Stored records

++++++

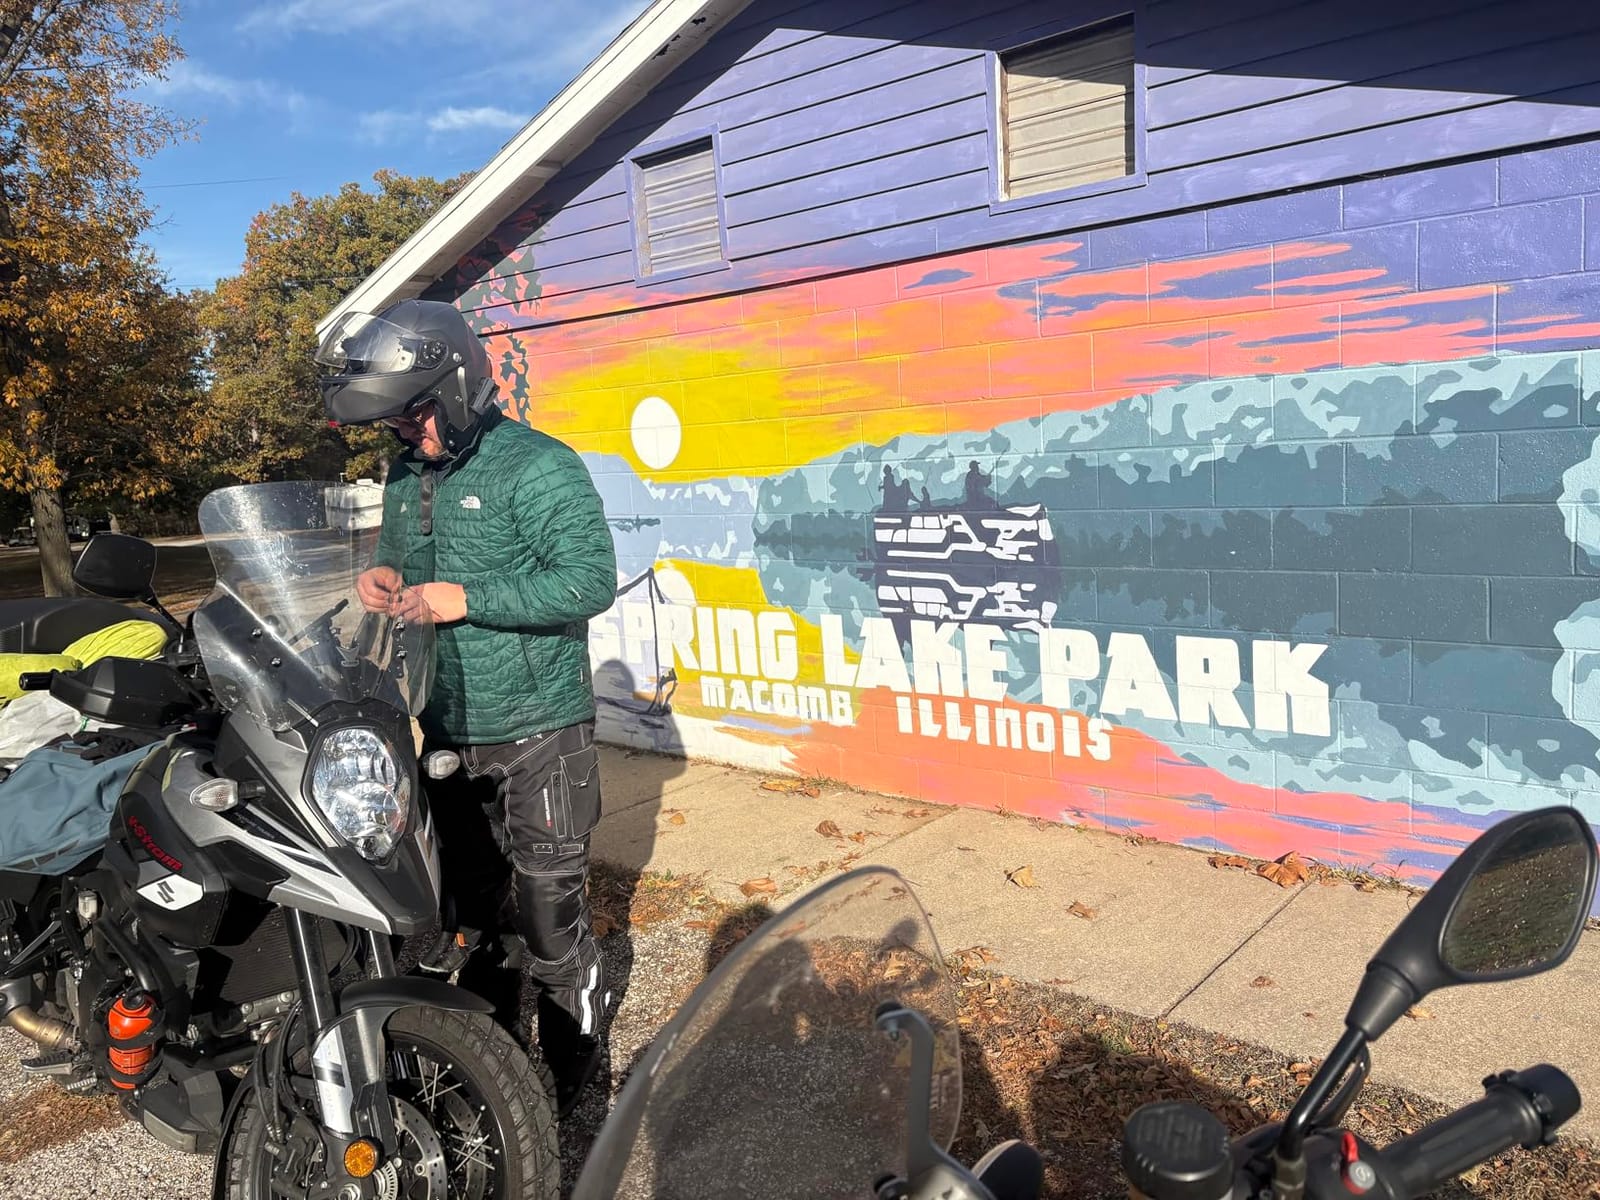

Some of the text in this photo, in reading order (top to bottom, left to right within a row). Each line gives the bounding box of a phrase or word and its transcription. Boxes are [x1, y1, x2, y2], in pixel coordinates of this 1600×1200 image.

[588, 600, 1331, 737] SPRING LAKE PARK
[699, 675, 856, 727] MACOMB
[896, 695, 1113, 761] ILLINOIS
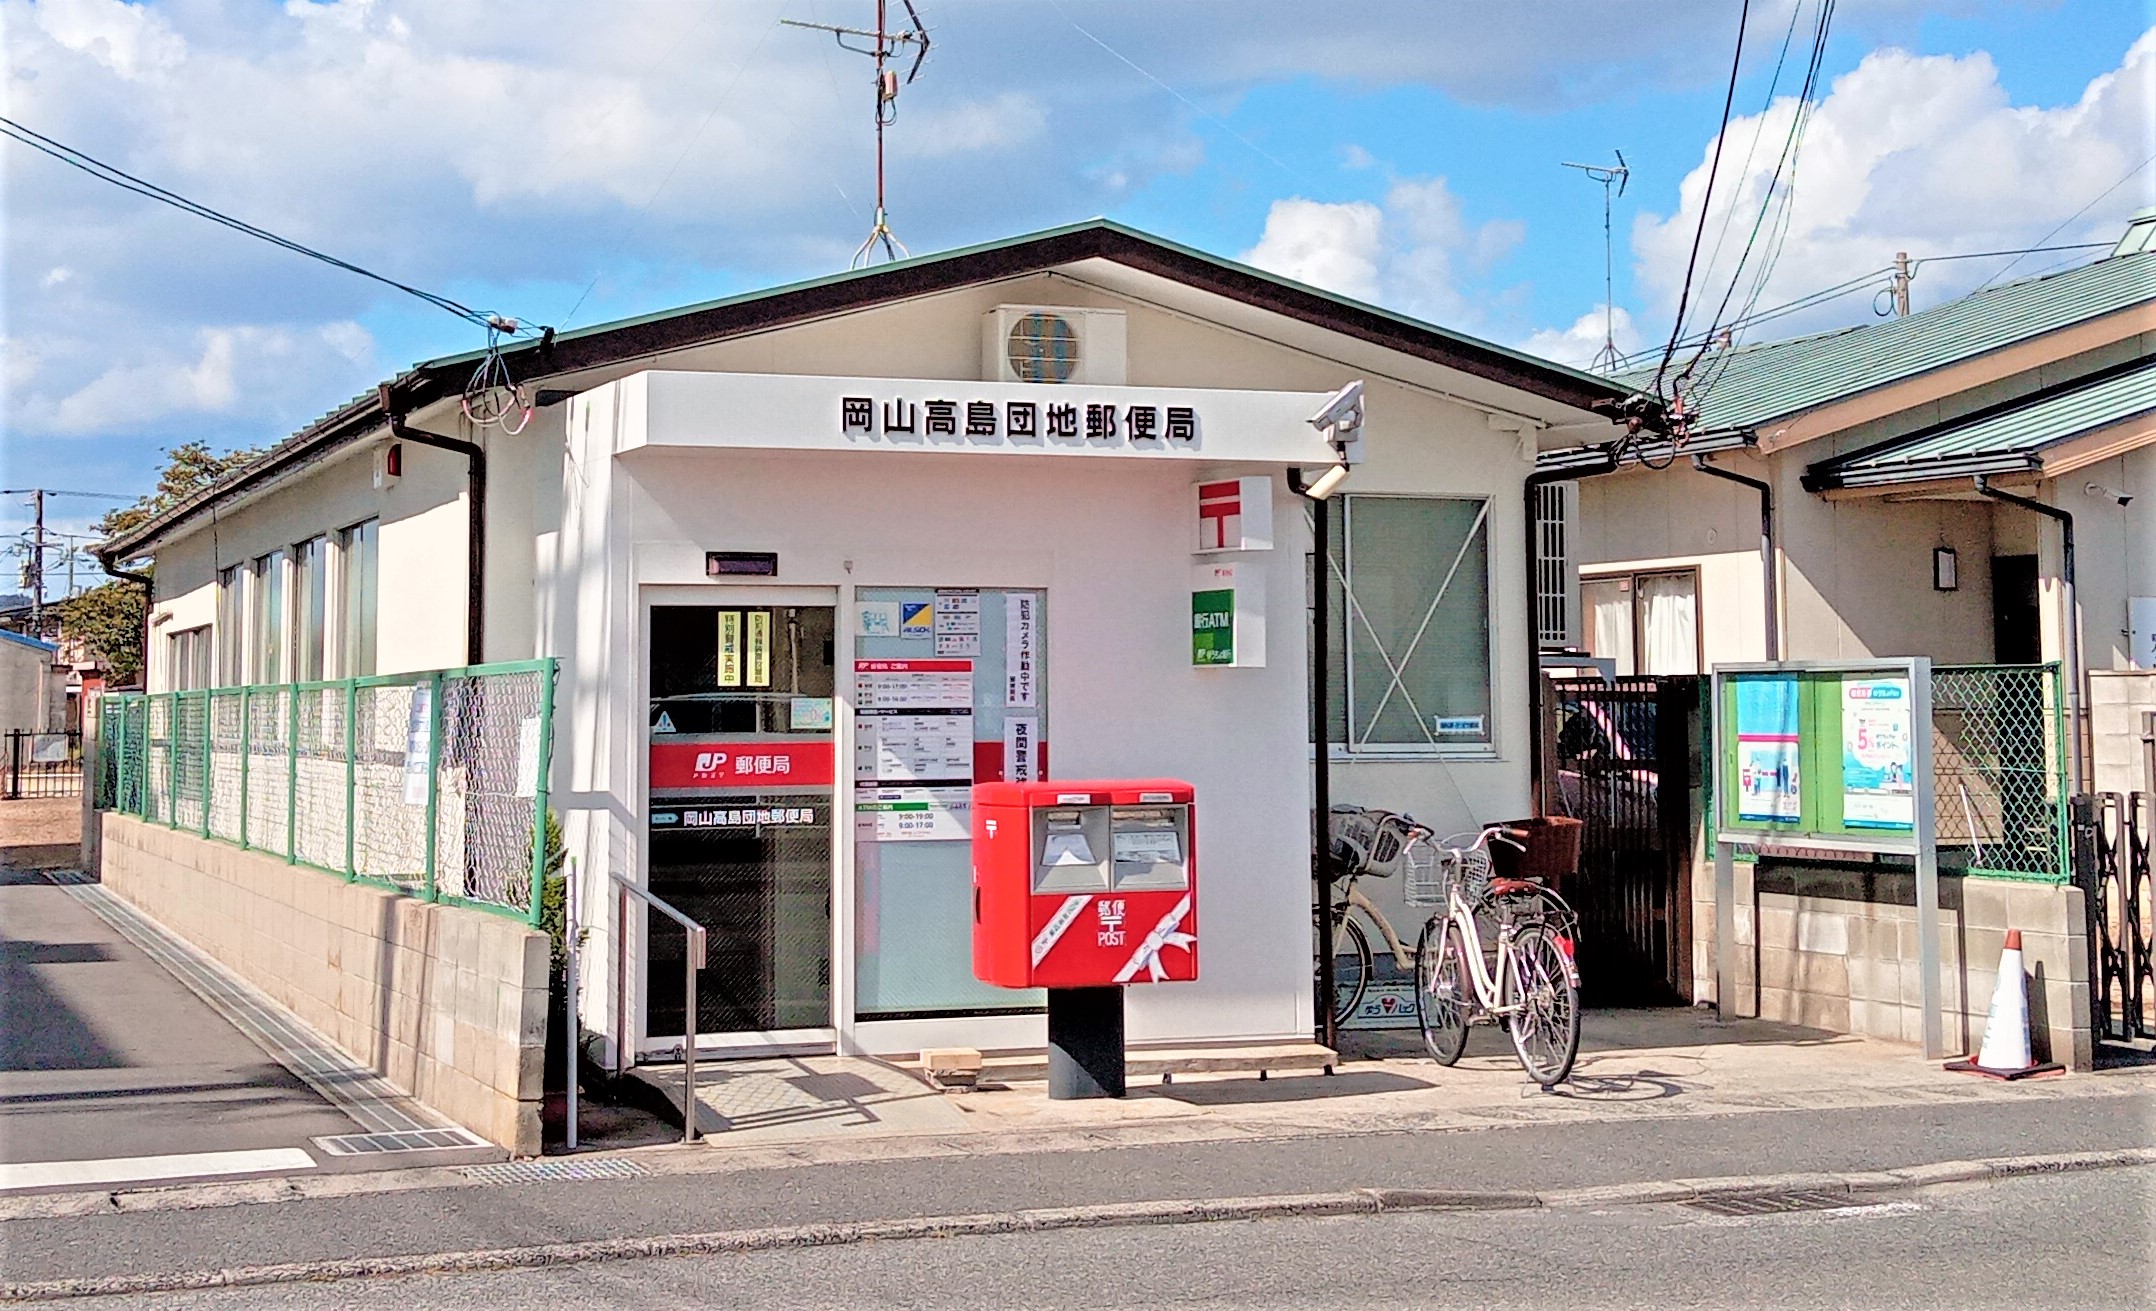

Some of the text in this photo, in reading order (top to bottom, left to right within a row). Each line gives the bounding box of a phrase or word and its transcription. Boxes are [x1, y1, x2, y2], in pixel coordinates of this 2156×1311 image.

[841, 396, 1196, 441] 岡山高島団地郵便局
[1021, 599, 1031, 701] 防犯カメラ作動中です
[735, 755, 790, 775] 郵便局
[683, 808, 814, 827] 岡山高島団地郵便局
[1097, 900, 1126, 917] 郵便
[1097, 931, 1126, 947] POST

++++++

▶ **What the task requires**: Print each entry shown above with exact wording and no pictures.

▶ **Result for this task**:
Some of the text in this photo, in reading order (top to bottom, left to right within a row). Each line gives the bounding box of a phrase or word and its transcription. Boxes are [x1, y1, x2, y2], in pixel coordinates of this 1600×1200 image.

[588, 600, 1331, 737] SPRING LAKE PARK
[699, 675, 856, 727] MACOMB
[896, 695, 1113, 761] ILLINOIS

Some of the text in this photo, in reading order (top to bottom, left to right within a row). Each line gives the bounding box of a phrase or word and its transcription. Boxes are [x1, y1, x2, y2], in pixel coordinates of this 2156×1311 image.

[841, 396, 1196, 441] 岡山高島団地郵便局
[1021, 599, 1031, 701] 防犯カメラ作動中です
[735, 755, 790, 775] 郵便局
[683, 808, 814, 827] 岡山高島団地郵便局
[1097, 900, 1126, 917] 郵便
[1097, 931, 1126, 947] POST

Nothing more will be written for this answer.